Normally, when there is a surge in precious metals prices, silver leads the way followed by platinum, palladium and gold finally brings up the rear. On the other hand, whenever there is a sharp decline, silver’s fall is far steeper than the other metals in the basket. Most of the time, gold’s losses are minimal and it adjusts far better to the new price range and remains stable in otherwise choppy waters. This has been observed in the yellow metal’s prolonged bull-run after it crossed the $2,000 per ounce mark again during Covid-19 times.

However, if the precious metals surge further ahead and extend the bull-run, then it could signal the portents of a new world order in the global financial systems and trigger a drastic upheaval in economies all over the world. For, a new trend appears to have emerged in recent times as there has been no significant sell off in either gold, silver or any other precious metal even after prices have soared to astronomical heights. Investors continue to flock and store precious metals.

Is US debt (over $36 trillion plus) and its recent confrontationist trade policies with tariff wars et al finally going to sink the USD, send its economy into a tailspin? Is it the beginning of the end of fiat currency? Will it usher in a new financial payment system backed by a basket of precious metals? Is that the writing on the wall already?

The above may appear to be too alarmist or radical. But probably global leaders and economists and other stakeholders need to thrash it out threadbare. Change may be necessary and inevitable.

Finally, in early Monday morning trading (29 December 2025), all the precious metals except gold surged ahead. Silver rose to $83.93 per ounce, logging yet another all-time high and up by over 185% from the start of the year. Platinum too pushed ahead to $2,514 per ounce, up by over 176% from the beginning of the year. Palladium too made its move, but gold did not log a fresh all-time high.
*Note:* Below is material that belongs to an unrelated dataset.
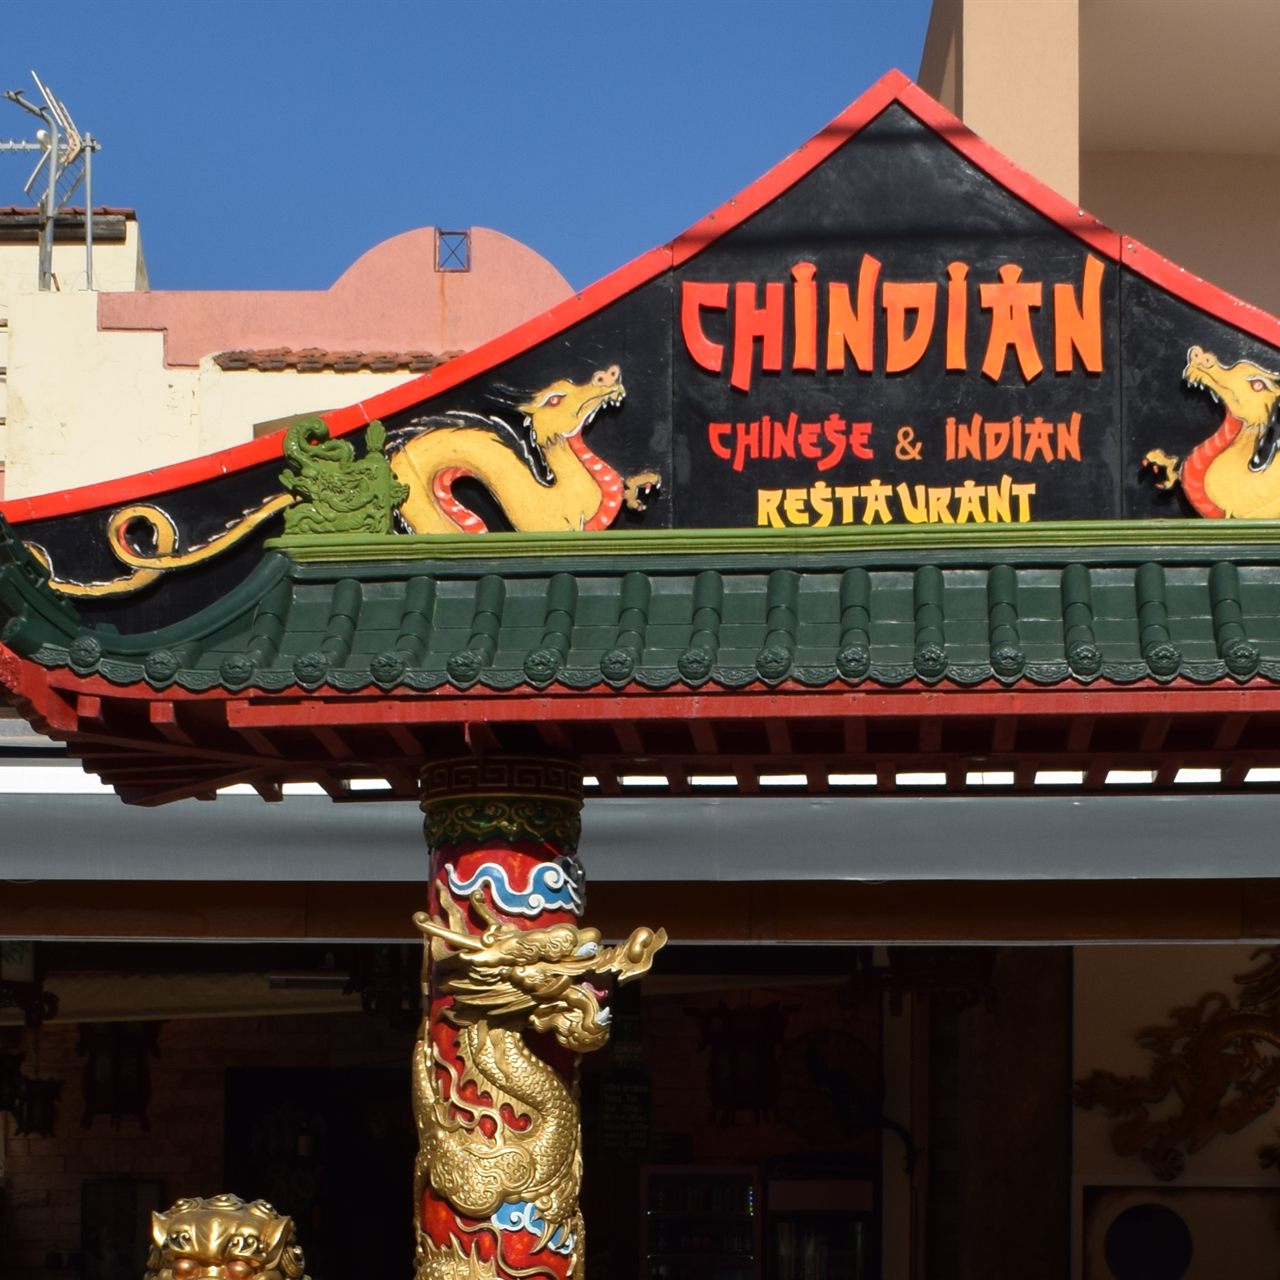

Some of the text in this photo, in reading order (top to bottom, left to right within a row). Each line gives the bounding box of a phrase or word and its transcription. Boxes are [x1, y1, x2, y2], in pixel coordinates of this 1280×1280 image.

However, since early morning some profit booking has been seen just around 11 am in Mumbai. Gold declined by 0.35%, platinum by 0.69%, silver by 0.98% and palladium fell sharply by over 6%. So, volatility is the key in the last days of 2026 as silver and platinum fight out for the year end top spot.

A report emanating from the US and widely picked up in India claims that silver is now second in the list of assets by market capitalisation at $4.7 trillion just today morning briefly. In the process, it overtook companies like Alphabet, Apple and finally surged past tech giant Nvidia’s $4.6 trillion. This list is said to include public companies, precious metals, crypto-currencies and ETFs. The interesting part is that gold is at the top of pile with a market capitalisation at over $31 trillion. So, gold is still a long way off and out of reach of any asset class. Dilli ab bhi bahut door hai!